## ASSIGNMENT
The records that follow must be repeated exactly, minus the images.

:: DATA UNDER STUDY ::

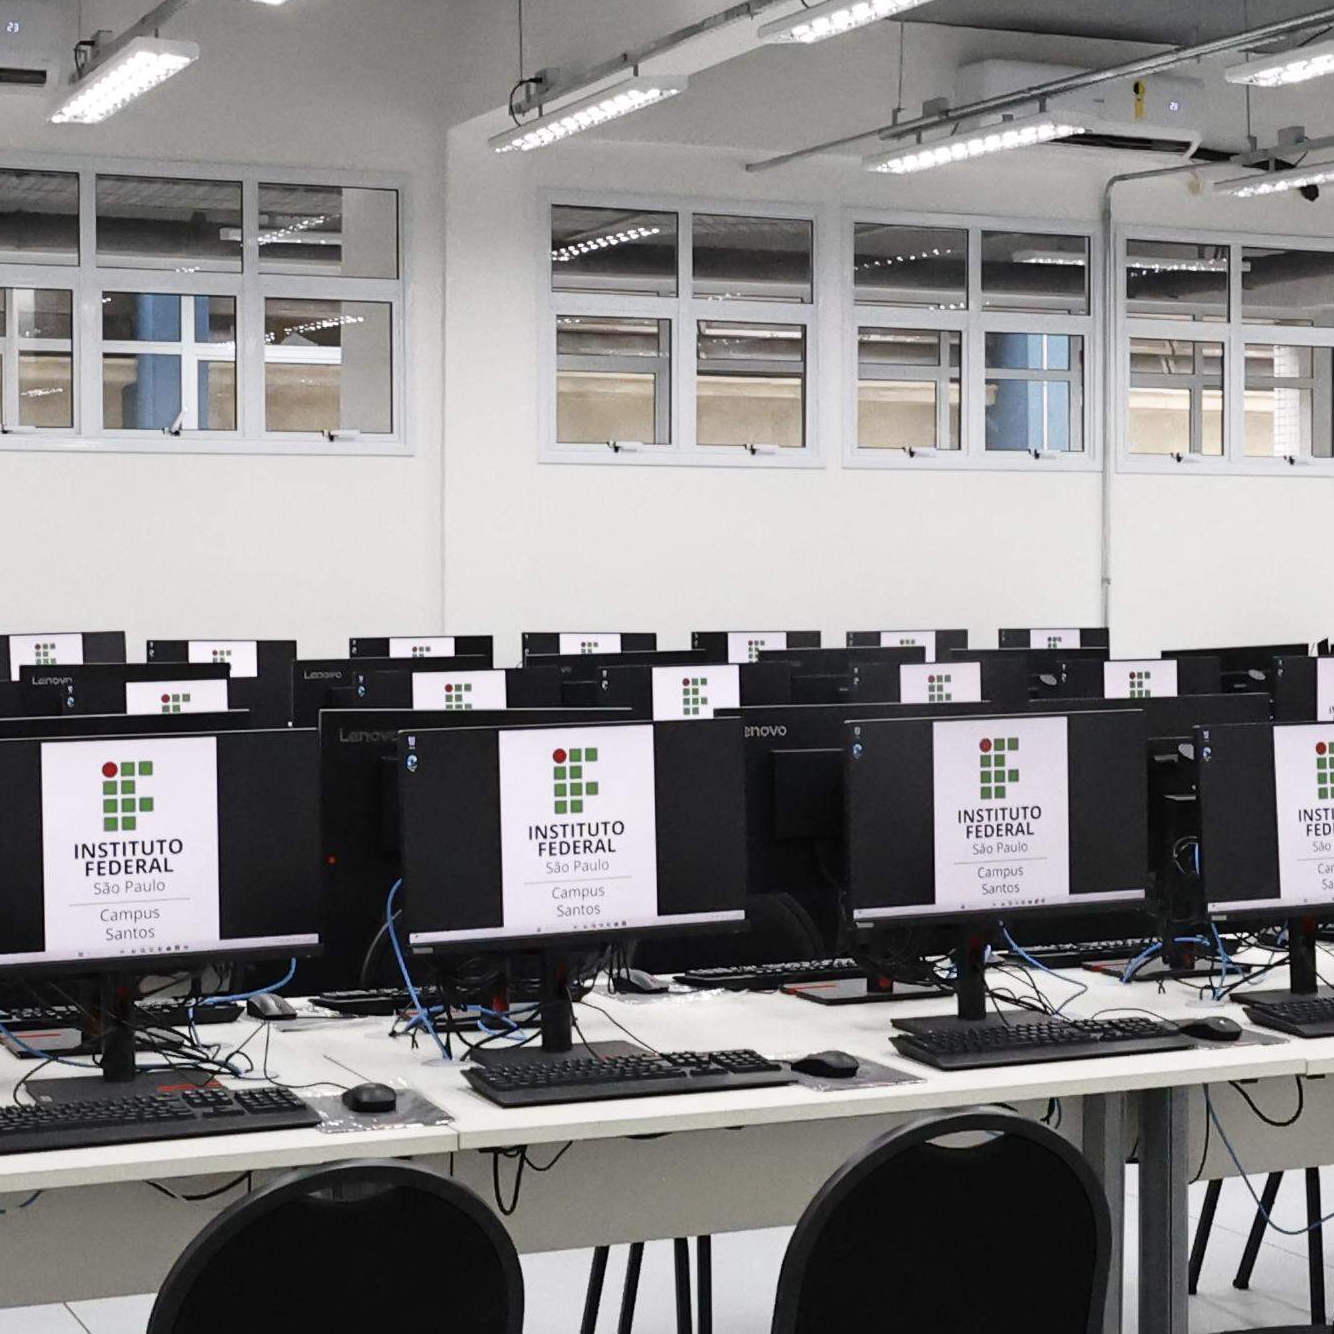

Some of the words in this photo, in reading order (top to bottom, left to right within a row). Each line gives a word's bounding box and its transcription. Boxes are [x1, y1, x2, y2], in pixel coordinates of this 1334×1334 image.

[744, 725, 787, 737] enovo
[957, 805, 1042, 824] INSTITUTO
[528, 820, 625, 840] INSTITUTO
[966, 821, 1035, 839] FEDERAL
[74, 838, 183, 860] INSTITUTO
[538, 838, 617, 857] FEDERAL
[972, 842, 993, 855] São
[996, 841, 1028, 854] Paulo
[1312, 841, 1331, 853] São
[85, 857, 174, 877] FEDERAL
[546, 861, 570, 874] São
[573, 858, 610, 873] Paulo
[977, 866, 1024, 879] Campus
[93, 881, 120, 896] São
[125, 878, 166, 893] Paulo
[551, 886, 605, 901] Campus
[981, 883, 1020, 896] Santos
[100, 908, 161, 923] Campus
[556, 904, 601, 917] Santos
[106, 927, 155, 941] Santos
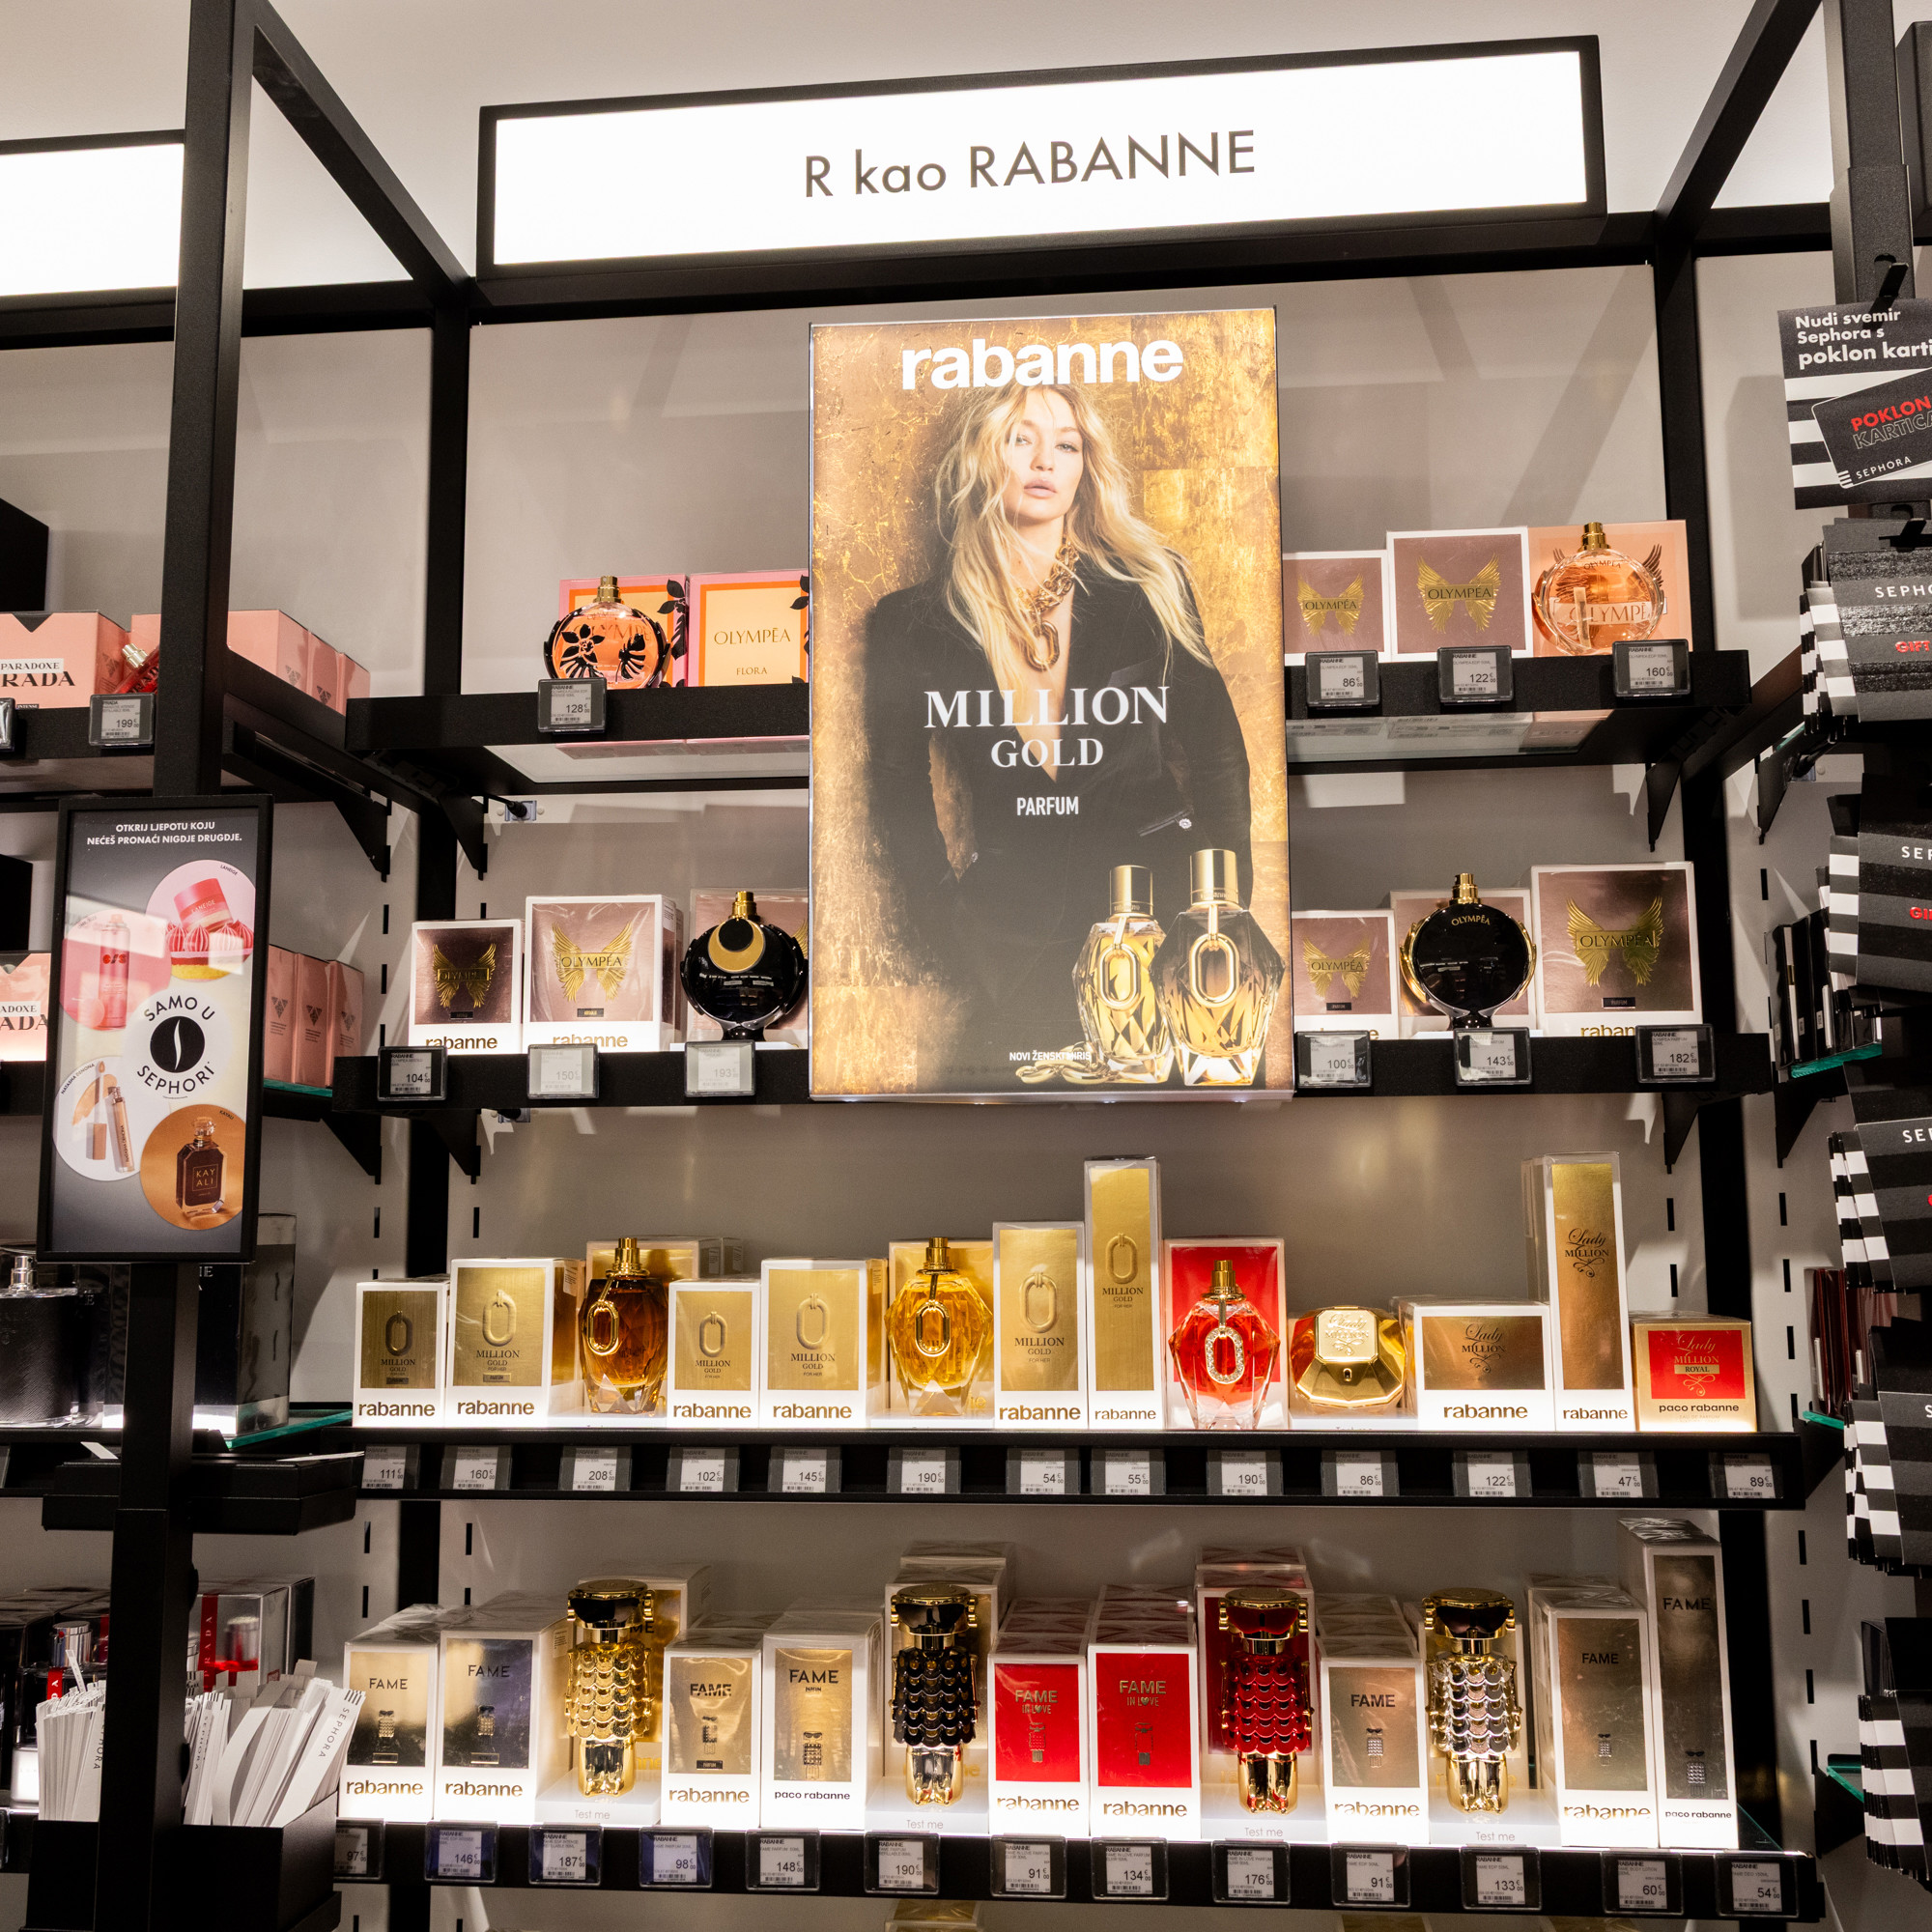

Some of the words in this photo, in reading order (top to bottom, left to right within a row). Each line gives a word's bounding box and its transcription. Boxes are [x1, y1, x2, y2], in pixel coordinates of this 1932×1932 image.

[806, 156, 834, 197] R
[855, 149, 947, 194] kao
[971, 129, 1255, 187] RABANNE
[1796, 313, 1837, 328] Nudi
[1843, 308, 1900, 325] svemir
[1798, 328, 1871, 346] Sephora
[1877, 328, 1884, 337] s
[1799, 345, 1876, 370] poklon
[902, 338, 1183, 389] rabanne
[1851, 396, 1931, 432] POKLON
[1857, 457, 1911, 479] SEPHORA
[1895, 640, 1930, 653] GIFT
[736, 667, 767, 675] FLORA
[1646, 667, 1665, 677] 160
[1343, 677, 1355, 688] 86
[1469, 673, 1489, 683] 122
[566, 704, 582, 713] 128
[924, 686, 1169, 728] MILLION
[991, 738, 1103, 767] GOLD
[1017, 797, 1079, 816] PARFUM
[87, 835, 115, 844] NEĆEŠ
[118, 834, 159, 844] PRONAĆI
[145, 995, 197, 1021] SAMO
[202, 1007, 214, 1020] U
[426, 1035, 497, 1049] rabanne
[553, 1034, 628, 1047] rabanne
[1009, 1052, 1030, 1061] NOVI
[1033, 1050, 1065, 1060] ŽENSKI
[1066, 1051, 1091, 1060] MIRIS
[1487, 1056, 1506, 1065] 143
[1669, 1054, 1690, 1063] 182
[1327, 1059, 1347, 1069] 100
[556, 1070, 575, 1080] 150
[714, 1067, 732, 1077] 193
[137, 1065, 213, 1094] SEPHORI
[406, 1073, 424, 1083] 104
[62, 1076, 76, 1094] NATASHA
[196, 1169, 214, 1178] KAY
[1567, 1228, 1605, 1247] Lady
[1565, 1249, 1609, 1258] MILLION
[1464, 1324, 1502, 1343] Lady
[1014, 1337, 1064, 1347] MILLION
[1678, 1334, 1717, 1354] Lady
[359, 1402, 435, 1416] rabanne
[458, 1401, 534, 1415] rabanne
[673, 1404, 751, 1418] rabanne
[773, 1404, 851, 1418] rabanne
[1000, 1406, 1080, 1420] rabanne
[1443, 1405, 1528, 1418] rabanne
[1563, 1407, 1627, 1420] rabanne
[1660, 1405, 1687, 1413] paco
[1690, 1403, 1739, 1411] rabanne
[1094, 1408, 1156, 1420] rabanne
[381, 1469, 396, 1478] 111
[470, 1469, 488, 1479] 160
[588, 1471, 608, 1480] 208
[697, 1472, 715, 1481] 102
[799, 1472, 817, 1481] 145
[918, 1473, 936, 1482] 190
[1043, 1473, 1056, 1484] 54
[1128, 1474, 1141, 1484] 55
[1238, 1474, 1258, 1484] 190
[1360, 1475, 1374, 1486] 86
[1486, 1475, 1506, 1486] 122
[1618, 1476, 1633, 1487] 47
[1750, 1477, 1764, 1488] 89
[1663, 1598, 1711, 1610] FAME
[1582, 1654, 1619, 1663] FAME
[468, 1665, 510, 1677] FAME
[789, 1670, 838, 1684] FAME
[370, 1679, 408, 1690] FAME
[691, 1684, 731, 1696] FAME
[1120, 1681, 1166, 1694] FAME
[1015, 1690, 1058, 1703] FAME
[1127, 1697, 1134, 1706] IN
[1351, 1694, 1395, 1707] FAME
[319, 1707, 350, 1758] SEPHORA
[347, 1780, 423, 1795] rabanne
[445, 1781, 523, 1797] rabanne
[669, 1789, 749, 1803] rabanne
[805, 1791, 850, 1800] rabanne
[997, 1797, 1079, 1811] rabanne
[1104, 1802, 1187, 1817] rabanne
[1334, 1802, 1420, 1817] rabanne
[575, 1810, 592, 1819] Test
[1564, 1805, 1651, 1821] rabanne
[1665, 1811, 1689, 1820] paco
[906, 1820, 923, 1829] Test
[1244, 1827, 1263, 1836] Test
[1476, 1832, 1496, 1842] Test
[1499, 1833, 1515, 1842] me
[347, 1852, 358, 1861] 97
[455, 1855, 472, 1863] 146
[559, 1857, 577, 1866] 187
[676, 1860, 689, 1869] 98
[777, 1862, 795, 1872] 148
[895, 1865, 915, 1875] 190
[1029, 1869, 1040, 1878] 91
[1123, 1870, 1143, 1881] 134
[1246, 1875, 1264, 1885] 176
[1372, 1878, 1383, 1887] 91
[1495, 1881, 1515, 1890] 133
[1643, 1886, 1657, 1895] 60
[1758, 1888, 1771, 1897] 54

:::

## EXERCISE SOLUTION
Some of the words in this photo, in reading order (top to bottom, left to right within a row). Each line gives a word's bounding box and its transcription. Boxes are [x1, y1, x2, y2], in pixel coordinates of this 1334×1334 image.

[744, 725, 787, 737] enovo
[957, 805, 1042, 824] INSTITUTO
[528, 820, 625, 840] INSTITUTO
[966, 821, 1035, 839] FEDERAL
[74, 838, 183, 860] INSTITUTO
[538, 838, 617, 857] FEDERAL
[972, 842, 993, 855] São
[996, 841, 1028, 854] Paulo
[1312, 841, 1331, 853] São
[85, 857, 174, 877] FEDERAL
[546, 861, 570, 874] São
[573, 858, 610, 873] Paulo
[977, 866, 1024, 879] Campus
[93, 881, 120, 896] São
[125, 878, 166, 893] Paulo
[551, 886, 605, 901] Campus
[981, 883, 1020, 896] Santos
[100, 908, 161, 923] Campus
[556, 904, 601, 917] Santos
[106, 927, 155, 941] Santos

Some of the words in this photo, in reading order (top to bottom, left to right within a row). Each line gives a word's bounding box and its transcription. Boxes are [x1, y1, x2, y2], in pixel coordinates of this 1932×1932 image.

[806, 156, 834, 197] R
[855, 149, 947, 194] kao
[971, 129, 1255, 187] RABANNE
[1796, 313, 1837, 328] Nudi
[1843, 308, 1900, 325] svemir
[1798, 328, 1871, 346] Sephora
[1877, 328, 1884, 337] s
[1799, 345, 1876, 370] poklon
[902, 338, 1183, 389] rabanne
[1851, 396, 1931, 432] POKLON
[1857, 457, 1911, 479] SEPHORA
[1895, 640, 1930, 653] GIFT
[736, 667, 767, 675] FLORA
[1646, 667, 1665, 677] 160
[1343, 677, 1355, 688] 86
[1469, 673, 1489, 683] 122
[566, 704, 582, 713] 128
[924, 686, 1169, 728] MILLION
[991, 738, 1103, 767] GOLD
[1017, 797, 1079, 816] PARFUM
[87, 835, 115, 844] NEĆEŠ
[118, 834, 159, 844] PRONAĆI
[145, 995, 197, 1021] SAMO
[202, 1007, 214, 1020] U
[426, 1035, 497, 1049] rabanne
[553, 1034, 628, 1047] rabanne
[1009, 1052, 1030, 1061] NOVI
[1033, 1050, 1065, 1060] ŽENSKI
[1066, 1051, 1091, 1060] MIRIS
[1487, 1056, 1506, 1065] 143
[1669, 1054, 1690, 1063] 182
[1327, 1059, 1347, 1069] 100
[556, 1070, 575, 1080] 150
[714, 1067, 732, 1077] 193
[137, 1065, 213, 1094] SEPHORI
[406, 1073, 424, 1083] 104
[62, 1076, 76, 1094] NATASHA
[196, 1169, 214, 1178] KAY
[1567, 1228, 1605, 1247] Lady
[1565, 1249, 1609, 1258] MILLION
[1464, 1324, 1502, 1343] Lady
[1014, 1337, 1064, 1347] MILLION
[1678, 1334, 1717, 1354] Lady
[359, 1402, 435, 1416] rabanne
[458, 1401, 534, 1415] rabanne
[673, 1404, 751, 1418] rabanne
[773, 1404, 851, 1418] rabanne
[1000, 1406, 1080, 1420] rabanne
[1443, 1405, 1528, 1418] rabanne
[1563, 1407, 1627, 1420] rabanne
[1660, 1405, 1687, 1413] paco
[1690, 1403, 1739, 1411] rabanne
[1094, 1408, 1156, 1420] rabanne
[381, 1469, 396, 1478] 111
[470, 1469, 488, 1479] 160
[588, 1471, 608, 1480] 208
[697, 1472, 715, 1481] 102
[799, 1472, 817, 1481] 145
[918, 1473, 936, 1482] 190
[1043, 1473, 1056, 1484] 54
[1128, 1474, 1141, 1484] 55
[1238, 1474, 1258, 1484] 190
[1360, 1475, 1374, 1486] 86
[1486, 1475, 1506, 1486] 122
[1618, 1476, 1633, 1487] 47
[1750, 1477, 1764, 1488] 89
[1663, 1598, 1711, 1610] FAME
[1582, 1654, 1619, 1663] FAME
[468, 1665, 510, 1677] FAME
[789, 1670, 838, 1684] FAME
[370, 1679, 408, 1690] FAME
[691, 1684, 731, 1696] FAME
[1120, 1681, 1166, 1694] FAME
[1015, 1690, 1058, 1703] FAME
[1127, 1697, 1134, 1706] IN
[1351, 1694, 1395, 1707] FAME
[319, 1707, 350, 1758] SEPHORA
[347, 1780, 423, 1795] rabanne
[445, 1781, 523, 1797] rabanne
[669, 1789, 749, 1803] rabanne
[805, 1791, 850, 1800] rabanne
[997, 1797, 1079, 1811] rabanne
[1104, 1802, 1187, 1817] rabanne
[1334, 1802, 1420, 1817] rabanne
[575, 1810, 592, 1819] Test
[1564, 1805, 1651, 1821] rabanne
[1665, 1811, 1689, 1820] paco
[906, 1820, 923, 1829] Test
[1244, 1827, 1263, 1836] Test
[1476, 1832, 1496, 1842] Test
[1499, 1833, 1515, 1842] me
[347, 1852, 358, 1861] 97
[455, 1855, 472, 1863] 146
[559, 1857, 577, 1866] 187
[676, 1860, 689, 1869] 98
[777, 1862, 795, 1872] 148
[895, 1865, 915, 1875] 190
[1029, 1869, 1040, 1878] 91
[1123, 1870, 1143, 1881] 134
[1246, 1875, 1264, 1885] 176
[1372, 1878, 1383, 1887] 91
[1495, 1881, 1515, 1890] 133
[1643, 1886, 1657, 1895] 60
[1758, 1888, 1771, 1897] 54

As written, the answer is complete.